Foreword: Column 6

Reuben Keehan

 

Nuts. Almonds to be precise. Almonds in a spa
bath. Quoting Andy Kaufman. As you do.

Wilkins Hill have always frustrated potential
interpreters, even angered a few, with
the wilful opacity of their work, its determination
to evade those systems of exegesis
that have become heuristic habit. What do
the almonds/Kaufman say exactly? ‘Whatever
is unknown is magnified.’ The spa bath
picks the reference and concurs with the
epistemological dictum. And why not? After
all, a viewer — let’s say they’re an art critic,
always the first audience, at least insofar as
the generally accepted topography of the art
world is concerned — stands before the object,
attempting to render its unknown operation
known, only to find that the object refuses
to be understood. The garbled, machinetranslated,
speak’n’spell artist statements are
no use; they’re as bad as the work, part of
the work. It’s an obstinacy that presents itself
as unknowability, knowledge that cannot be
internalised, or worse: no knowledge to be
internalised, nothing to know, pure exteriority
of being. It just gets bigger and bigger. Meanwhile
Heidegger looks on from his hut, gazing
through a distorting field of glass bricks,
through whose opacity he recognises the ageold
spinning of the hermeneutic circle, and
thinks about getting back to work.


In this sense — perhaps the only sense that
might be made of it short of sampling an
almond or two — Wilkins Hill’s Windows impersonating
other windows, presented at Artspace
in March and April of 2010, epitomised
the problematics of writing about, around and
through art. Thus the necessary partiality, the
at times fragmentary nature, of the accounts
contained in Column 6. Credit to Andrew
McNamara for attempting to tackle Wilkins
Hill’s installation for us, but their work only
magnifies a condition inherent in every form of creation that exceeds linguistic expression. As with the speech-act, then, perhaps it would
be better to follow the voice, a factor that
forms an uncanny thread in the works and
texts platformed in this issue, which draws
on Artspace’s artistic program of January to
September 2010. Criticism begins with the act
of listening, or, more provocatively, in becoming
the voice itself, or of joining it, in discord
or harmony, as in Bec Dean’s sensitive and
quietly agonistic treatment of Tony Birch and
Tom Nicholson’s extraordinary Camp Pell Lectures.
Perhaps writing, like speech, is itself a
performative act, and necessarily incomplete.

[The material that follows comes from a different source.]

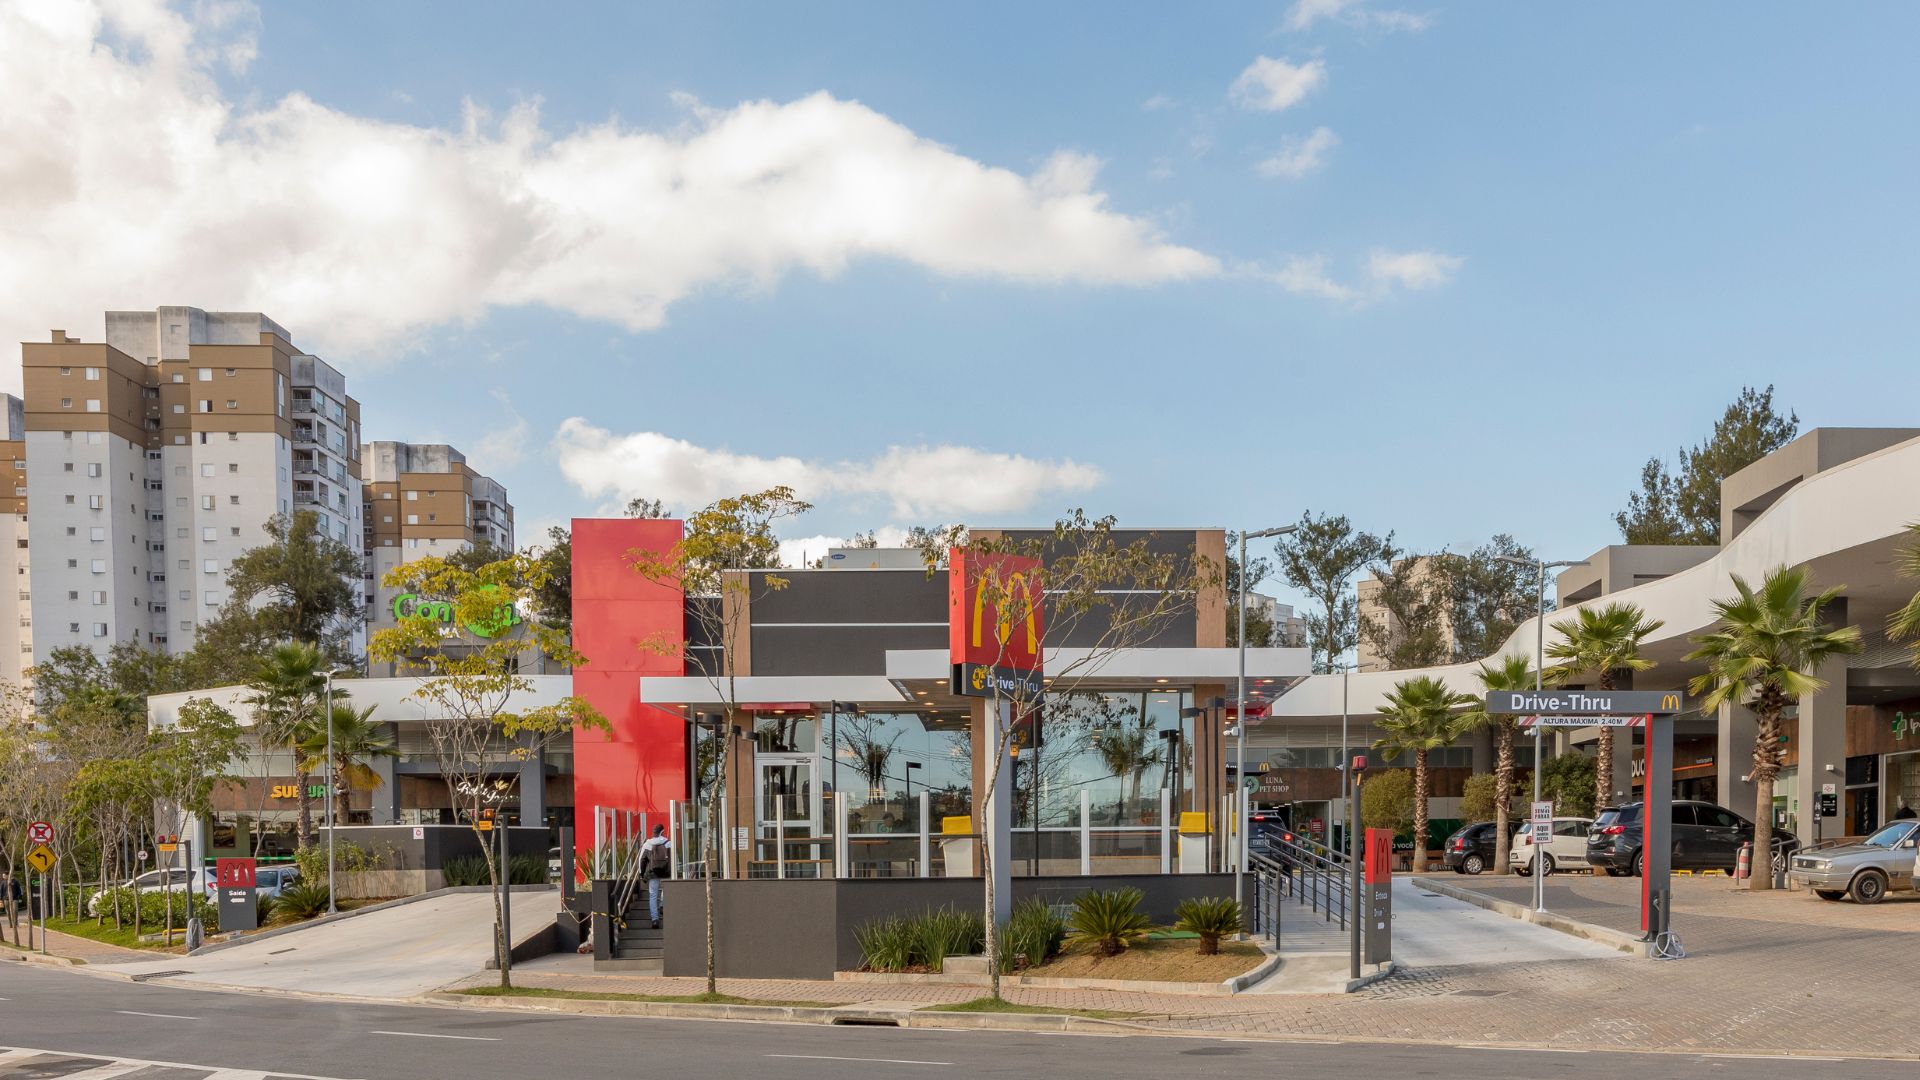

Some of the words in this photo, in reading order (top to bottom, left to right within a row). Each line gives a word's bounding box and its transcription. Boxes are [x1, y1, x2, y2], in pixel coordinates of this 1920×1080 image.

[1511, 694, 1611, 710] Drive-Thru
[1570, 717, 1598, 725] MÁXIMA
[1265, 776, 1283, 784] LUNA

Listening and performing have been crucial
to Artspace’s program in the period covered
by Column 6, and to point out that they have
eluded the issue would be to make a dramatic
understatement. Though Artspace’s galleries,
studios and discursive spaces have played
host to elements of the Biennale of Sydney
since 1996, David Elliott’s 2010 edition of
the event represented the first time that the
organisation had been directly involved in
programming the relevant content. Artspace,
Elliott and the team behind Tokyo’s vibrant
experimental art venue SuperDeluxe, particularly
its curator Mike Kubeck, put together
SuperDeluxe@Artspace, transforming the
galleries into a bar cum nightclub that played
host to a veritable catalogue of live performers
from Australia, Japan, New Zealand and
beyond for the entire run of the biennale. In
lieu of this publication’s capacity to accurately
document the event in all its maverick spirit,
conviviality and sonic radicality, we have
opted to follow Column’s speculative agenda
and commission Sean Lowry’s observations
on music in contemporary art that begin
this issue.


In recognising further the format’s limitations,
the issue also sees greater prioritygiven to artist pageworks as a means of
expanding the possible uses of the publication.
Simon Denny, Sean Rafferty and Justene
Williams have each contributed significant
projects to the pages of Column 6, which
accompany its textual interventions as
reminders of the centrality that artist’s practices
have to the publication’s remit, and as
exemplary propositions in themselves. Thanks
is due to Melanie Oliver for her excellent work
in commissioning these pages, and for collaborating
on editing this issue from its inception
to its realisation. Melanie has worked
as Artspace’s Assistant Curator, joining its
hard working and committed staff during an
intense period for the organisation, to lend a
steadying hand while we have been engaged
in numerous activities both in Australia and
abroad. Her contribution has reinforced the
idea that institutions large or small operate
most effectively when collectivity is embraced
and ideas flow smoothly but rigorously — such
is the necessary structure of a base from
which a polyphony of voices might emerge.